更微妙的是版本號策略。2.6.2和2.6.3是連續的補丁版本，符合日常更新節奏。開發者看到小版本號變動，通常不會警覺。

項目維護方的回應目前停留在調查階段。「我們已知曉該問題并正在積極調查」，這是官方聲明。Lightning在另一份公告中承認，「受影響版本引入了與憑證收集機制一致的功能」，但確切根因仍在排查。現有跡象指向GitHub賬戶被入侵。

行業影響：信任模型的系統性壓力

這次事件與本周三針對SAP相關npm包的Mini Shai-Hulud供應鏈攻擊被評估為同一活動的延伸。攻擊者正在跨語言、跨平臺地尋找高影響力節點。

對開發者的即時影響很明確：需要封鎖2.6.2和2.6.3版本，如已安裝則移除，降級至最后一個已知干凈版本2.6.1，并輪換所有可能暴露的憑證。

但更深層的沖擊在于開發流程本身。postinstall鉤子的濫用、本地包的靜默篡改、版本號的自動遞增——這些原本用于提升效率的機制，正在被武器化為傳播工具。一個不小心的npm publish，就可能讓自己成為攻擊者的分發節點。
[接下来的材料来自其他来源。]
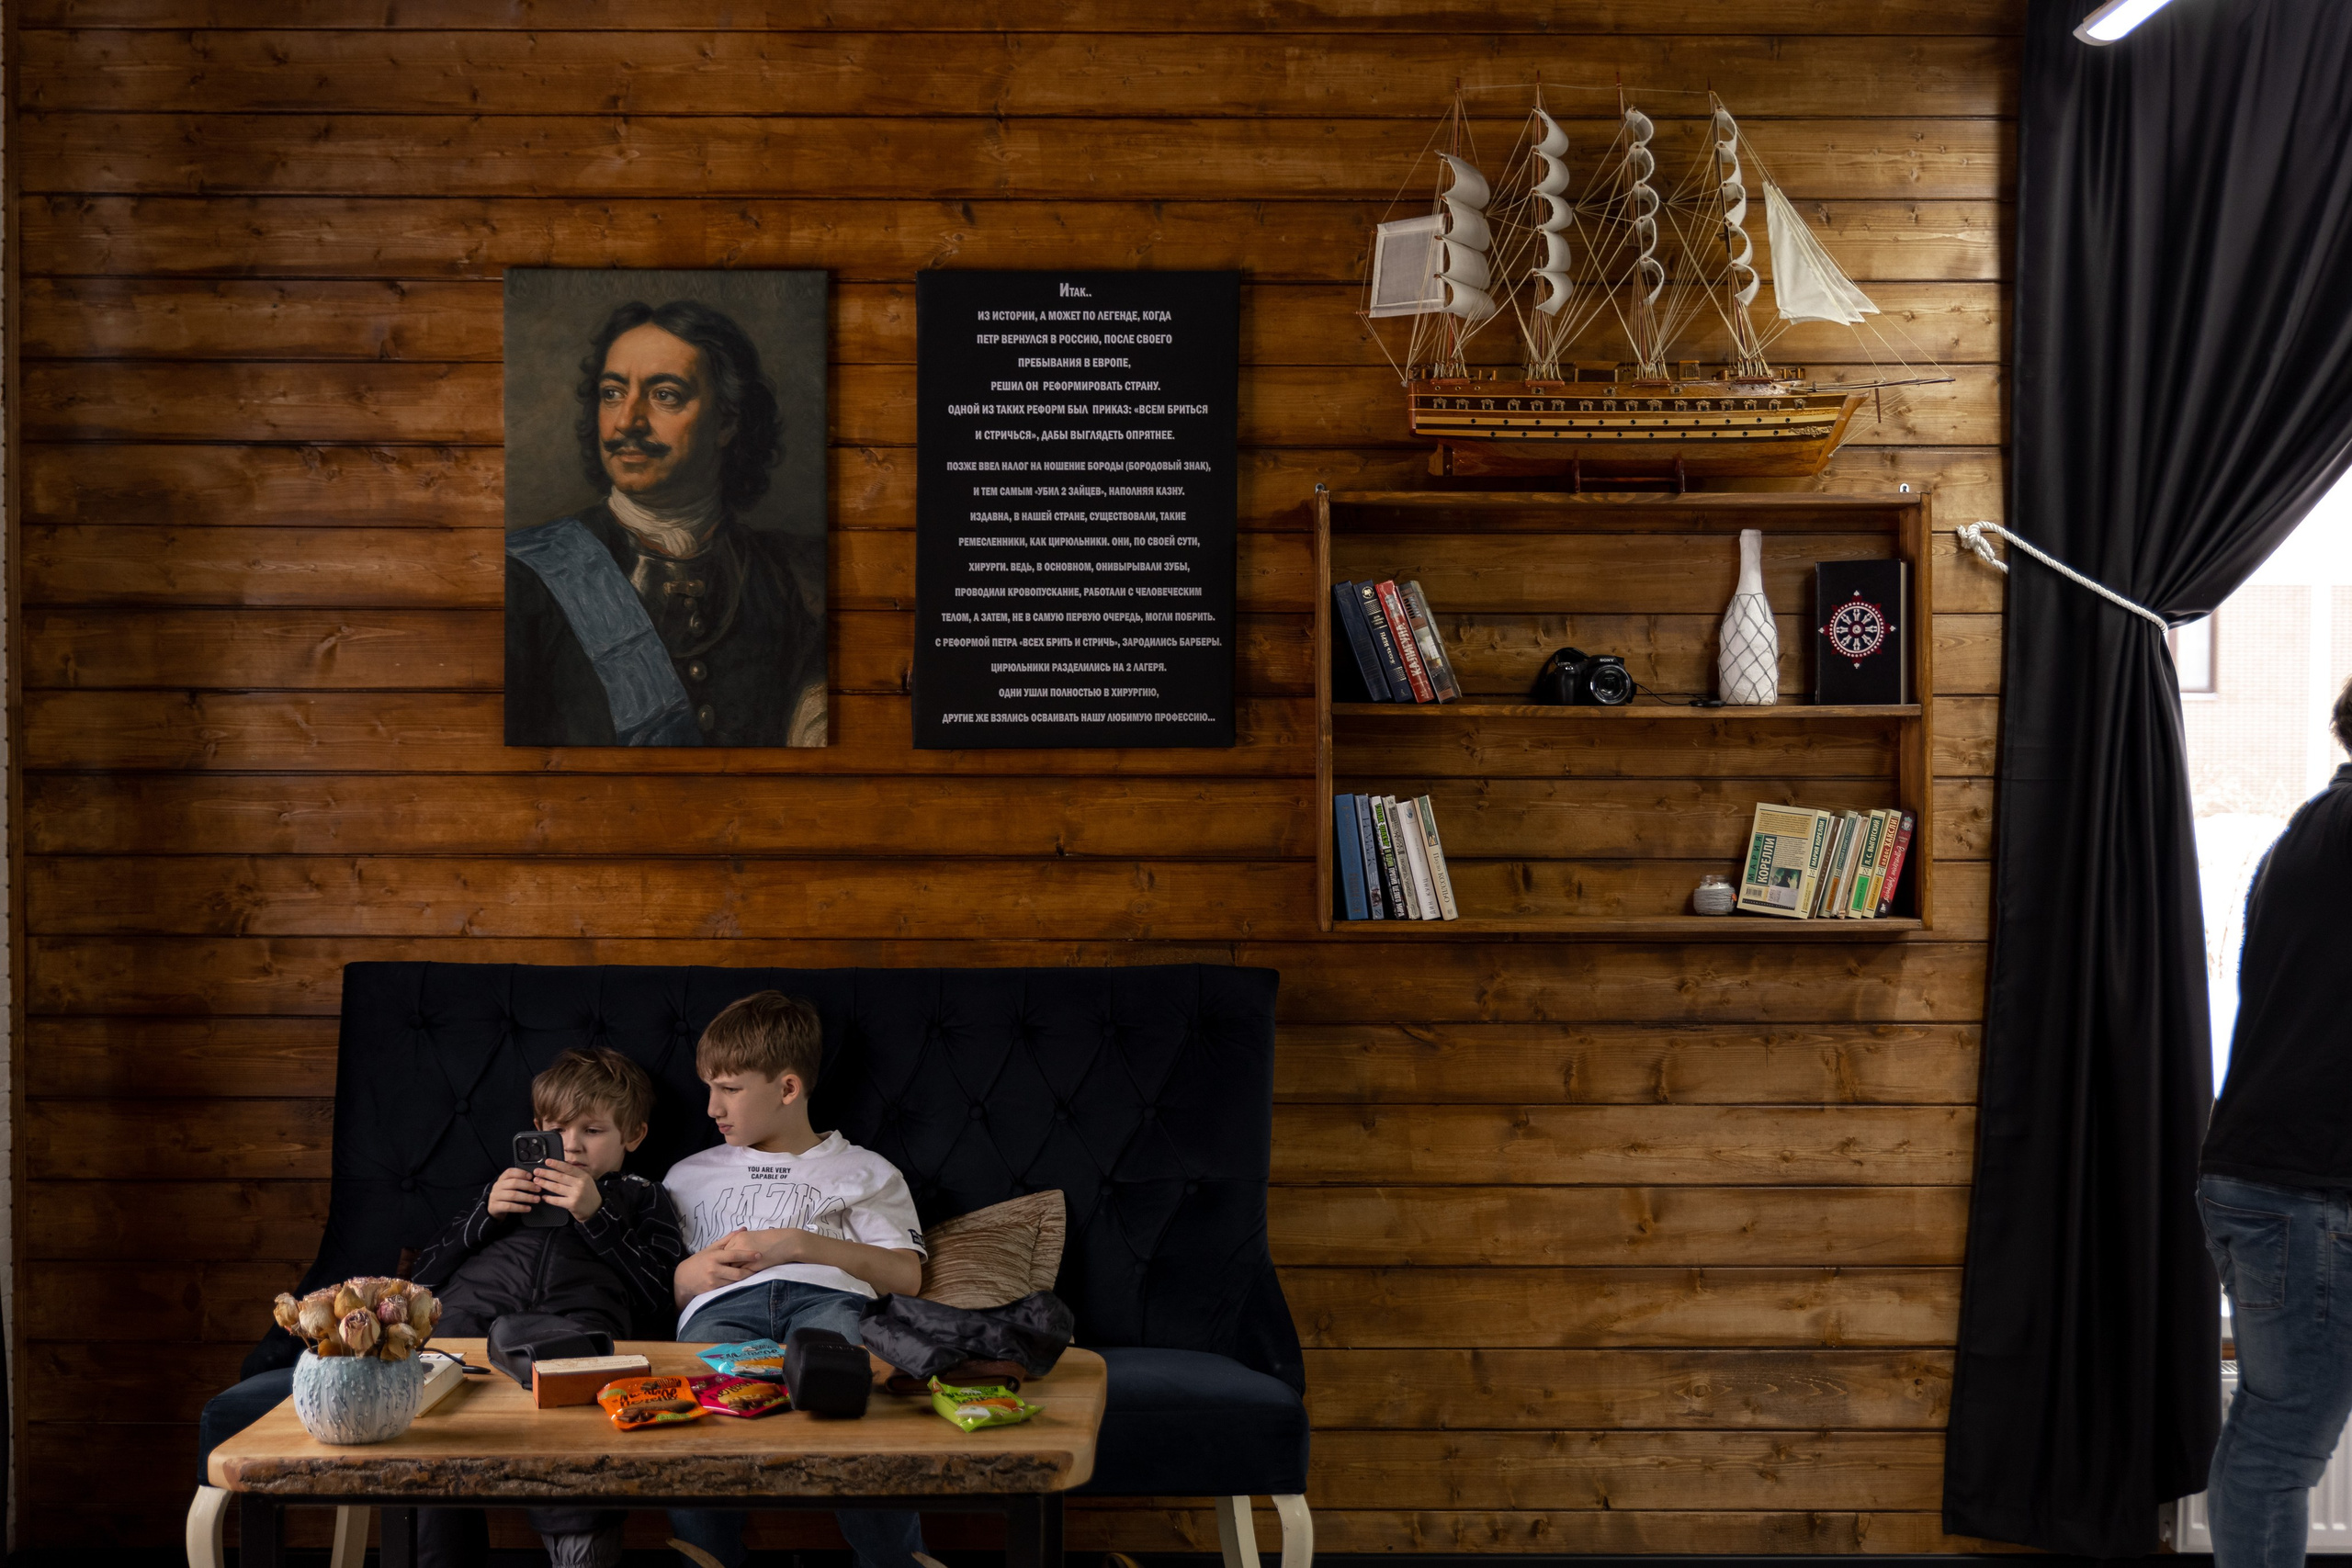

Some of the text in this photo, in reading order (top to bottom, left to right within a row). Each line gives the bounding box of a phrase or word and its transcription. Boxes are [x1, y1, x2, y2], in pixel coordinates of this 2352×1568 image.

[978, 310, 1171, 321] ИЗ ИСТОРИИ, А МОЖЕТ ПО ЛЕГЕНДЕ, КОГДА
[977, 334, 1172, 345] ПЕТР ВЕРНУЛСЯ В РОССИЮ, ПОСЛЕ СВОЕГО
[1018, 357, 1131, 368] ПРЕБЫВАНИЯ В ЕВРОПЕ,
[990, 381, 1161, 391] РЕШИЛ ОН РЕФОРМИРОВАТЬ СТРАНУ.
[948, 402, 1208, 416] ОДНОЙ ИЗ ТАКИХ РЕФОРМ БЫЛ ПРИКАЗ: «ВСЕМ БРИТЬСЯ
[975, 430, 1175, 441] И СТРИЧЬСЯ», ДАБЫ ВЫГЛЯДЕТЬ ОПРЯТНЕЕ.
[946, 459, 1211, 472] ПОЗЖЕ ВВЕЛ НАЛОГ НА НОШЕНИЕ БОРОДЫ (БОРОДОВЫЙ ЗНАК),
[973, 487, 979, 496] И
[981, 487, 998, 496] ТЕМ
[1000, 487, 1033, 496] САМЫМ
[1060, 487, 1067, 496] 2
[1109, 487, 1154, 496] НАПОЛНЯЯ
[1156, 487, 1185, 496] КАЗНУ.
[970, 510, 1186, 523] ИЗДАВНА, В НАШЕЙ СТРАНЕ, СУЩЕСТВОВАЛИ, ТАКИЕ
[958, 535, 1200, 547] РЕМЕСЛЕННИКИ, КАК ЦИРЮЛЬНИКИ. ОНИ, ПО СВОЕЙ СУТИ,
[968, 562, 1009, 571] ХИРУРГИ.
[1011, 562, 1035, 573] ВЕДЬ,
[1036, 562, 1043, 571] В
[1044, 562, 1094, 573] ОСНОВНОМ,
[1163, 562, 1190, 572] ЗУБЫ,
[955, 587, 1202, 598] ПРОВОДИЛИ КРОВОПУСКАНИЕ, РАБОТАЛИ С ЧЕЛОВЕЧЕСКИМ
[941, 612, 1216, 623] ТЕЛОМ, А ЗАТЕМ, НЕ В САМУЮ ПЕРВУЮ ОЧЕРЕДЬ, МОГЛИ ПОБРИТЬ.
[935, 637, 941, 647] С
[943, 636, 990, 647] РЕФОРМОЙ
[992, 637, 1018, 647] ПЕТРА
[1046, 637, 1073, 647] БРИТЬ
[1075, 637, 1080, 647] И
[1122, 637, 1178, 648] ЗАРОДИЛИСЬ
[1180, 637, 1222, 647] БАРБЕРЫ.
[1379, 631, 1389, 647] ВЕРН
[990, 663, 1167, 673] ЦИРЮЛЬНИКИ РАЗДЕЛИЛИСЬ НА 2 ЛАГЕРЯ.
[999, 688, 1159, 698] ОДНИ УШЛИ ПОЛНОСТЬЮ В ХИРУРГИЮ,
[942, 713, 1216, 724] ДРУГИЕ ЖЕ ВЗЯЛИСЬ ОСВАИВАТЬ НАШУ ЛЮБИМУЮ ПРОФЕССИЮ...
[1866, 819, 1880, 852] ВЫГОТСКИЙ
[1884, 818, 1897, 847] ХАКСЛИ
[1810, 820, 1825, 866] МАРИЯ КОРЕЛЛИ
[1747, 835, 1762, 881] МАРИЯ
[1757, 837, 1775, 883] КОРЕЛЛИ
[1433, 852, 1450, 903] Пауло КОЭЛЬО
[1388, 867, 1397, 886] ПРОТИВ
[1396, 903, 1405, 918] МИРА
[1423, 878, 1431, 896] КУНЦ
PyPI的隔離動作是事后止損。從4月30日發布到被隔離，窗口期內的下載量、實際感染范圍，目前尚無公開數據。但對于依賴持續集成/持續部署管道的團隊來說，哪怕短暫的窗口也足以讓惡意代碼進入構建環境。

GitHub令牌的特殊處理也值得注意。攻擊者沒有直接濫用，而是先驗證、再批量注入分支。這種"慢速+擴散"模式，比立即轉售或利用更能逃避檢測——直到某個被污染的分支被合并，或者被注入的載荷在下游觸發。

硬編碼Claude Code身份是一個有趣的信號。它暗示攻擊者對AI開發工具鏈的熟悉，也可能是一種針對特定受眾的心理戰術——看到熟悉的工具名，警覺性自然降低。

目前維護方尚未公布賬戶被入侵的具體方式。是釣魚、憑證泄露、還是供應鏈上游的進一步污染，這些細節將決定后續防御措施的針對性。但無論如何，一個31,000+星項目的發布管道被攻破，本身就是對開源治理結構的拷問。

對于每天pip install的開發者來說，這次事件提供了一個殘酷的提醒：星標數量不等于安全審計深度，版本號的小幅跳動可能藏著完整的攻擊鏈，而你最信任的基礎設施，可能正在你最不經意的導入語句中執行11MB的混淆代碼。